Activity: Copy every entry verbatim and skip the pictures.

Information given:
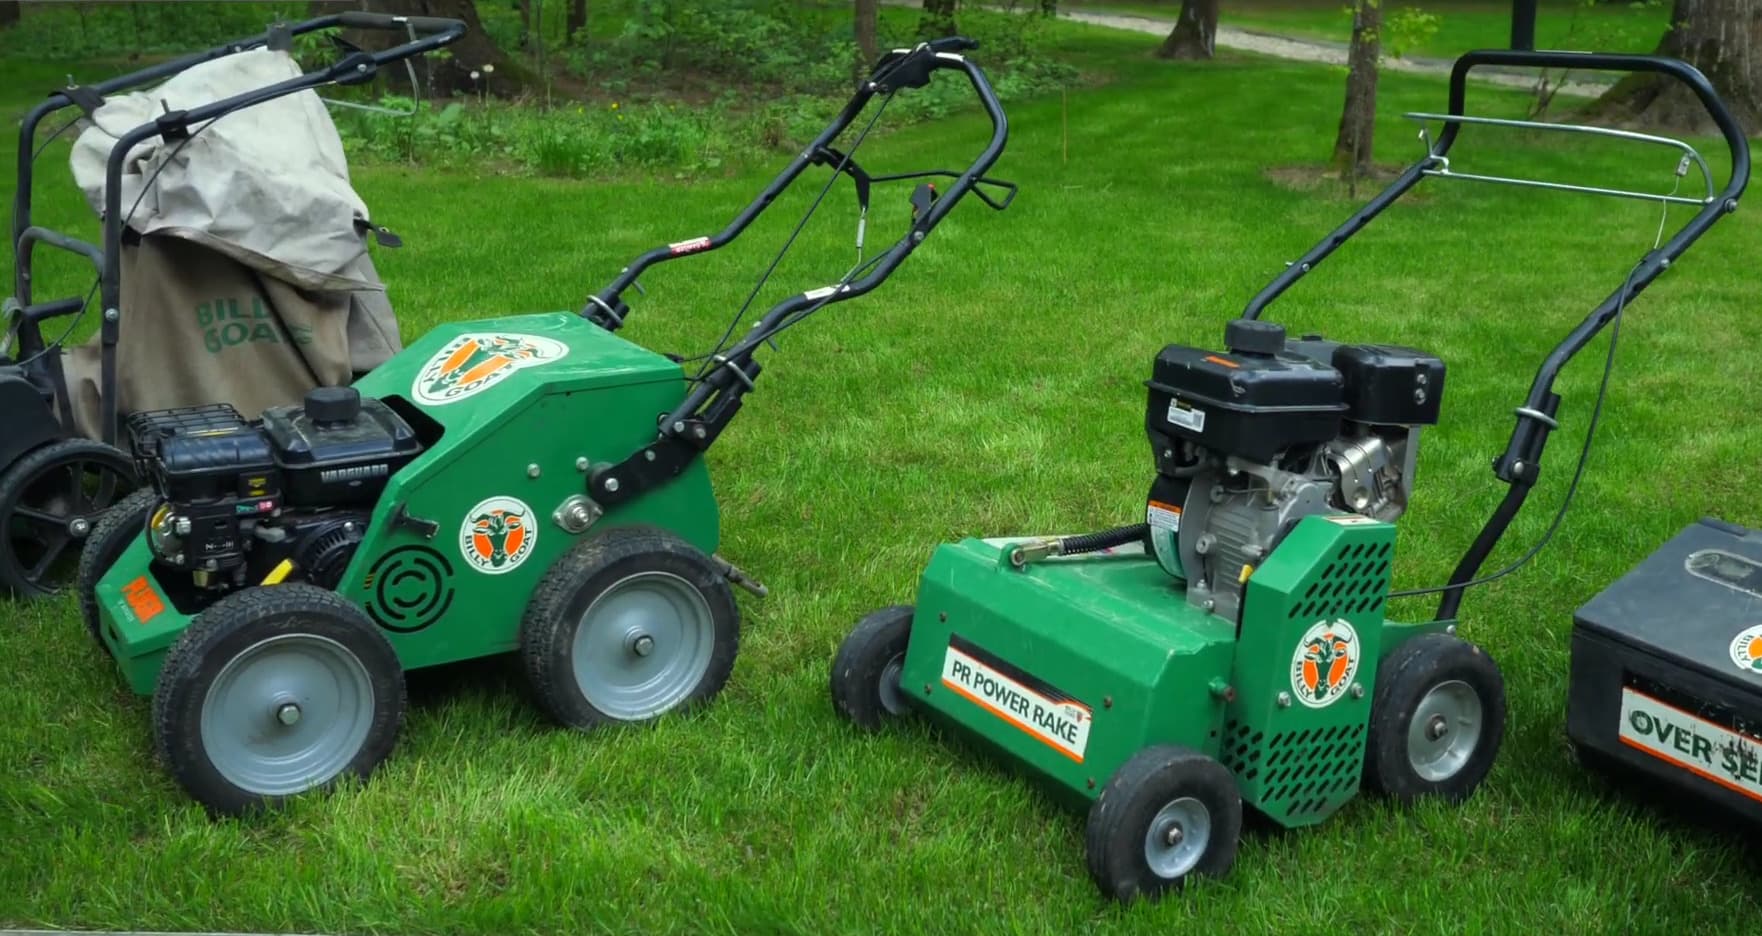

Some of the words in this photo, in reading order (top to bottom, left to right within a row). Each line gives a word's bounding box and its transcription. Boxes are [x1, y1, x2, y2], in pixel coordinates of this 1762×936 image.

[195, 296, 274, 329] BILL
[423, 337, 472, 383] BILLY
[320, 463, 389, 483] VANGUARD
[464, 535, 489, 566] BILLY
[510, 527, 532, 563] GOAT
[1737, 634, 1755, 662] BILLY
[1295, 660, 1313, 698] BILLY
[1330, 656, 1354, 696] GOAT
[951, 660, 972, 685] PR
[973, 671, 1031, 719] POWER
[1032, 704, 1078, 745] RAKE
[1630, 709, 1713, 765] OVER

Finished exercise:
Some of the words in this photo, in reading order (top to bottom, left to right within a row). Each line gives a word's bounding box and its transcription. Boxes are [x1, y1, x2, y2], in pixel coordinates of this 1762×936 image.

[195, 296, 274, 329] BILL
[423, 337, 472, 383] BILLY
[320, 463, 389, 483] VANGUARD
[464, 535, 489, 566] BILLY
[510, 527, 532, 563] GOAT
[1737, 634, 1755, 662] BILLY
[1295, 660, 1313, 698] BILLY
[1330, 656, 1354, 696] GOAT
[951, 660, 972, 685] PR
[973, 671, 1031, 719] POWER
[1032, 704, 1078, 745] RAKE
[1630, 709, 1713, 765] OVER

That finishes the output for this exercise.